▶ **PROBLEM DETAILS**
Find where "this 1000×1250 image." appears in the entries below. That line and all lines after it, through the last, are to be duplicated exactly, with nothing else.

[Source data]
* * * * * * * * *

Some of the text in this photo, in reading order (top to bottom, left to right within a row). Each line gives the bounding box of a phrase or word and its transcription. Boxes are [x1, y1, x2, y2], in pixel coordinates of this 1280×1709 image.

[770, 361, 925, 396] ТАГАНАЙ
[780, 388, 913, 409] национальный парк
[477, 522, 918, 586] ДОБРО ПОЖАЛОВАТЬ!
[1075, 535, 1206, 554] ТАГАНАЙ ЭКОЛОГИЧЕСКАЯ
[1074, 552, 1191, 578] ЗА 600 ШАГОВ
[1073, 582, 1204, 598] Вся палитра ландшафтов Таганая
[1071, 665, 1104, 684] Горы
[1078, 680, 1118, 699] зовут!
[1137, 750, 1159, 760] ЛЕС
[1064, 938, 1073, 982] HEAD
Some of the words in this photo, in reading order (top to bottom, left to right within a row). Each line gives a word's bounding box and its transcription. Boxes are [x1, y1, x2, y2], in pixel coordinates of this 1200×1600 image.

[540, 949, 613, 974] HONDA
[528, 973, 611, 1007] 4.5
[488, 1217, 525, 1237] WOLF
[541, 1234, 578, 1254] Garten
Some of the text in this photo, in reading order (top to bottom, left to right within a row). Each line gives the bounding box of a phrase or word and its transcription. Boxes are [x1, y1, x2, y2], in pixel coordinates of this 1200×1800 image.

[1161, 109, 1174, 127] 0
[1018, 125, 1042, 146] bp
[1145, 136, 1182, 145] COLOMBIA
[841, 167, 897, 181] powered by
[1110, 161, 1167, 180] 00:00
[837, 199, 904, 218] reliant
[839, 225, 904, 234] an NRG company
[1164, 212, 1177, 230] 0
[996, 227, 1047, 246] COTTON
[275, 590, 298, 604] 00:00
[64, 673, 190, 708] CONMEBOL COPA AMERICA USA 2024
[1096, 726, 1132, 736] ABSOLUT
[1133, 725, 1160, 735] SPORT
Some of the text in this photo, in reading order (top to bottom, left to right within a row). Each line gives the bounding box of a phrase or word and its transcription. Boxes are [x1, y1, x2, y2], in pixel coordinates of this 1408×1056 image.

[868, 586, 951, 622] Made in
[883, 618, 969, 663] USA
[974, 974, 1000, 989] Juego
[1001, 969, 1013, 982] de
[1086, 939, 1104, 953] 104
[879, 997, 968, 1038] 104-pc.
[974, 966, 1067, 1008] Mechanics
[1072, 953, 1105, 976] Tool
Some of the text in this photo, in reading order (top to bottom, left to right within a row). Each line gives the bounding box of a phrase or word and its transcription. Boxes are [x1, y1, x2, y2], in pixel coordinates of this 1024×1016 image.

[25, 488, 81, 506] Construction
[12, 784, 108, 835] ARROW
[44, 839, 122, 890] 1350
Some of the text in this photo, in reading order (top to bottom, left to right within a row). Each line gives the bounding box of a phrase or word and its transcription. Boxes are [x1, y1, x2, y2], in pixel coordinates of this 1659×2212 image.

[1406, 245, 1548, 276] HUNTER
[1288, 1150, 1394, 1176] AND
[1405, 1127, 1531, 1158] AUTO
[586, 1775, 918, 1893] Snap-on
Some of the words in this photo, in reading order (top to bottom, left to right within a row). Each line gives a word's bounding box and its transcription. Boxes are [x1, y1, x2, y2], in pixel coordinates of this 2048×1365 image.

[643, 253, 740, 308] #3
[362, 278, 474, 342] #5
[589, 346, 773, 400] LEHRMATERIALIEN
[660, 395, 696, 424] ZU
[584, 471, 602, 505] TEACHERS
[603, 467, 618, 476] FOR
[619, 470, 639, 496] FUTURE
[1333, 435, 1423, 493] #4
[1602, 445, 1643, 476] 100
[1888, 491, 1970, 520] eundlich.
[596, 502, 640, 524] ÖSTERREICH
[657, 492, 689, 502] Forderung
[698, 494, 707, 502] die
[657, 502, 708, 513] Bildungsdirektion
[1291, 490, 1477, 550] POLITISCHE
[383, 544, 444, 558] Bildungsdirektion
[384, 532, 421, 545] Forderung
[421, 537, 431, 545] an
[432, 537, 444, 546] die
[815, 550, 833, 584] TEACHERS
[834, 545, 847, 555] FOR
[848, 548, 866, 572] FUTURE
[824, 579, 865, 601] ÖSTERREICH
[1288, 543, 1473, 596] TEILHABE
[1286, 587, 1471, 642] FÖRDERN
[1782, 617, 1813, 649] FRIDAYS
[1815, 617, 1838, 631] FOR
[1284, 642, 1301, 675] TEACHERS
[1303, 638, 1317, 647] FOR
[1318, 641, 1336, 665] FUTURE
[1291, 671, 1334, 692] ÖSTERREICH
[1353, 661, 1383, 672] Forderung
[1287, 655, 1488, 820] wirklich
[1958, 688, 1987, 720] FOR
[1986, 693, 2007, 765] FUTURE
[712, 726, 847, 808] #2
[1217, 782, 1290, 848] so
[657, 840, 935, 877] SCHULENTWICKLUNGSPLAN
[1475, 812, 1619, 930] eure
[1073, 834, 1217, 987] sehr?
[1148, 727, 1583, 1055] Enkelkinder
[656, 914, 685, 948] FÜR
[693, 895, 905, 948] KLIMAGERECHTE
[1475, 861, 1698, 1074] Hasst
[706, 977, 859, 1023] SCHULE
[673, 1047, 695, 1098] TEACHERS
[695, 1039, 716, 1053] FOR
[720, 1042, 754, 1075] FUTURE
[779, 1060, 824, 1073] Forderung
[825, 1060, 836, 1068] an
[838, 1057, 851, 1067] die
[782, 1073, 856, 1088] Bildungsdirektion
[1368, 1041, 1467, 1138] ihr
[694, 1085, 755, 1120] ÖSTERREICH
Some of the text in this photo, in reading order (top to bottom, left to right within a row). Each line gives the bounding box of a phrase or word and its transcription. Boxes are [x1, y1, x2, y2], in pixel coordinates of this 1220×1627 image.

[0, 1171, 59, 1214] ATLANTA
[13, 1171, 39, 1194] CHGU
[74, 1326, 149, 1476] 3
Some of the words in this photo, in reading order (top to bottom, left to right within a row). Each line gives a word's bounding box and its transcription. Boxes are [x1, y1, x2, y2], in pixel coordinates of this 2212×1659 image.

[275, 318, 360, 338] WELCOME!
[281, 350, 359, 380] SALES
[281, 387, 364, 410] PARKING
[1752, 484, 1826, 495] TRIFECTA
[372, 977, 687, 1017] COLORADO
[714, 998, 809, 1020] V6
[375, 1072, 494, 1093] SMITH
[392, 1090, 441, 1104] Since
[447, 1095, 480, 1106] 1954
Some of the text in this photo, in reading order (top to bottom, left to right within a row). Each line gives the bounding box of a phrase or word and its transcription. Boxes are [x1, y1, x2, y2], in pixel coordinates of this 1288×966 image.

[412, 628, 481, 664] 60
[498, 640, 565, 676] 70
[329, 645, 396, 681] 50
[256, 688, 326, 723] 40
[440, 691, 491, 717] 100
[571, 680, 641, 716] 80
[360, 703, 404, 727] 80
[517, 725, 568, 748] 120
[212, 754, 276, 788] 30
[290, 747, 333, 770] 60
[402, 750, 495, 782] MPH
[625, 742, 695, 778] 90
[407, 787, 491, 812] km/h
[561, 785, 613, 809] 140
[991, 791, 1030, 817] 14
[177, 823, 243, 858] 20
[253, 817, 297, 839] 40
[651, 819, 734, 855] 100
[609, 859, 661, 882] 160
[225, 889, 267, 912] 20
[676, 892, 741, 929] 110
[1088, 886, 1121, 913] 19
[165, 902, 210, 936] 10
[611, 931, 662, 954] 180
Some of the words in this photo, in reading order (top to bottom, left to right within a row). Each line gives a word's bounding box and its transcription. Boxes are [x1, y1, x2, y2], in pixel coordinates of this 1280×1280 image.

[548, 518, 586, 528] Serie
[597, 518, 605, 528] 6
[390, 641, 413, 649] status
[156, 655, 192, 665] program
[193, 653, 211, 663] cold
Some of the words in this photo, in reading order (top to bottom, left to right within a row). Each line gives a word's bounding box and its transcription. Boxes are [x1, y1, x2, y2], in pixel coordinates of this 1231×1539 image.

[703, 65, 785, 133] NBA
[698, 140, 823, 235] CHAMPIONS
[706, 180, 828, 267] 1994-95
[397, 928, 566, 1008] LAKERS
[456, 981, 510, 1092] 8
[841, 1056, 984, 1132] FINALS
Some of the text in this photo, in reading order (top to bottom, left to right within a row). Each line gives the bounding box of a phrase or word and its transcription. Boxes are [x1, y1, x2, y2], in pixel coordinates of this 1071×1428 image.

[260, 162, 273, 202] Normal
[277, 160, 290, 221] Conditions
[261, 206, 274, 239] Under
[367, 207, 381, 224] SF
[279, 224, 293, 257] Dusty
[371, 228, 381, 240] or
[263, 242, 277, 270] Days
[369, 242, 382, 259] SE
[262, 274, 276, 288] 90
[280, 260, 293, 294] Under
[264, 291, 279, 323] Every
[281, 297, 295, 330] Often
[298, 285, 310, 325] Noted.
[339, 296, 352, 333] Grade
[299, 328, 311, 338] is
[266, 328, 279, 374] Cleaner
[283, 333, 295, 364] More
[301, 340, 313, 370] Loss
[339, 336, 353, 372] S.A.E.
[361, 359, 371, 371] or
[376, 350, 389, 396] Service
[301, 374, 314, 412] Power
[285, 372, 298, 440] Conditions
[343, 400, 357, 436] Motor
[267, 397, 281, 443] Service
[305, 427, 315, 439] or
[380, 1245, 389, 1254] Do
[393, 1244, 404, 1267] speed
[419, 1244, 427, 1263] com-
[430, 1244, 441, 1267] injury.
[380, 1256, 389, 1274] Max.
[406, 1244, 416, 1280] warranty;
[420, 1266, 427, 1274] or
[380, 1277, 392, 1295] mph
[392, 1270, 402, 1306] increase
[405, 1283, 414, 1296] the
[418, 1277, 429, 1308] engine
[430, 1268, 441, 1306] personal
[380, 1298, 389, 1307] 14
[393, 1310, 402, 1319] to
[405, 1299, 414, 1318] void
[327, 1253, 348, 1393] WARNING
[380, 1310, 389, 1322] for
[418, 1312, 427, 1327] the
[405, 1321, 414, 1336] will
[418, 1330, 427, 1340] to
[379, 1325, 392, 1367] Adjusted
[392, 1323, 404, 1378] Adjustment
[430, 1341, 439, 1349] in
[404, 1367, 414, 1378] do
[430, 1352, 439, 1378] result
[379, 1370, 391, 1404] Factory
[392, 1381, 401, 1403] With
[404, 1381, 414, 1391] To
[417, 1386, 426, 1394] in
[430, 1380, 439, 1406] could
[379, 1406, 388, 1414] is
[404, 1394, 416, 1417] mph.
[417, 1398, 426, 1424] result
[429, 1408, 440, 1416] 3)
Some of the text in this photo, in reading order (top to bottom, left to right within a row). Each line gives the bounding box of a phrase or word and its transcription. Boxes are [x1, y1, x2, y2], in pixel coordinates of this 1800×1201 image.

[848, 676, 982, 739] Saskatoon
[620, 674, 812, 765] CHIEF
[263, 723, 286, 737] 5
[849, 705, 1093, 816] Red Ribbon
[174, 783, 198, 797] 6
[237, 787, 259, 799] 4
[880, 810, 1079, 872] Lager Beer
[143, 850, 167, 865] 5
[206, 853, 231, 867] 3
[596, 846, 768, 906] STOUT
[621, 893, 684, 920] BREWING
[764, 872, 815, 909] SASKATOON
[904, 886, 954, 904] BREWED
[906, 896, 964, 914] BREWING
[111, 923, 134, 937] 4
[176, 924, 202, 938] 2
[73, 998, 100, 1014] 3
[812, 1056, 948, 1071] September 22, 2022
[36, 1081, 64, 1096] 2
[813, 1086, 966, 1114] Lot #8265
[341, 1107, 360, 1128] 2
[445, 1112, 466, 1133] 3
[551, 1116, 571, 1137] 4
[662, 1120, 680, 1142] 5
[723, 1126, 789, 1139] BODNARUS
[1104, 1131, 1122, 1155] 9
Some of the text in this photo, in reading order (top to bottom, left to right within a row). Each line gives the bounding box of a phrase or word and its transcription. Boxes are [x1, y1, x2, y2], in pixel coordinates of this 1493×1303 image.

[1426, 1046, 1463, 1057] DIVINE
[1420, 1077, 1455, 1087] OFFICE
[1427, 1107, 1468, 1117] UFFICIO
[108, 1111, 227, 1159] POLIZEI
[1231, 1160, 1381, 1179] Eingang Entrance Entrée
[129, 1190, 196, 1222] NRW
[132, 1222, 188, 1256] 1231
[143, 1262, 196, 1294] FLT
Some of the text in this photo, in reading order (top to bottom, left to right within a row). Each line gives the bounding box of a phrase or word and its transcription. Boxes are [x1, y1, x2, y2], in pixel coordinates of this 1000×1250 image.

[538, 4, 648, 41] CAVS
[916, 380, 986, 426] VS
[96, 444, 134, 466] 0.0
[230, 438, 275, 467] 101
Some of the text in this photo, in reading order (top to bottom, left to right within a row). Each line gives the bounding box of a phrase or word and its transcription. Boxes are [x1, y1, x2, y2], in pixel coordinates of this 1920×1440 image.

* * * * * * * * *

▶ **RESULT**
Some of the text in this photo, in reading order (top to bottom, left to right within a row). Each line gives the bounding box of a phrase or word and its transcription. Boxes are [x1, y1, x2, y2], in pixel coordinates of this 1000×1250 image.

[538, 4, 648, 41] CAVS
[916, 380, 986, 426] VS
[96, 444, 134, 466] 0.0
[230, 438, 275, 467] 101
Some of the text in this photo, in reading order (top to bottom, left to right within a row). Each line gives the bounding box of a phrase or word and its transcription. Boxes are [x1, y1, x2, y2], in pixel coordinates of this 1920×1440 image.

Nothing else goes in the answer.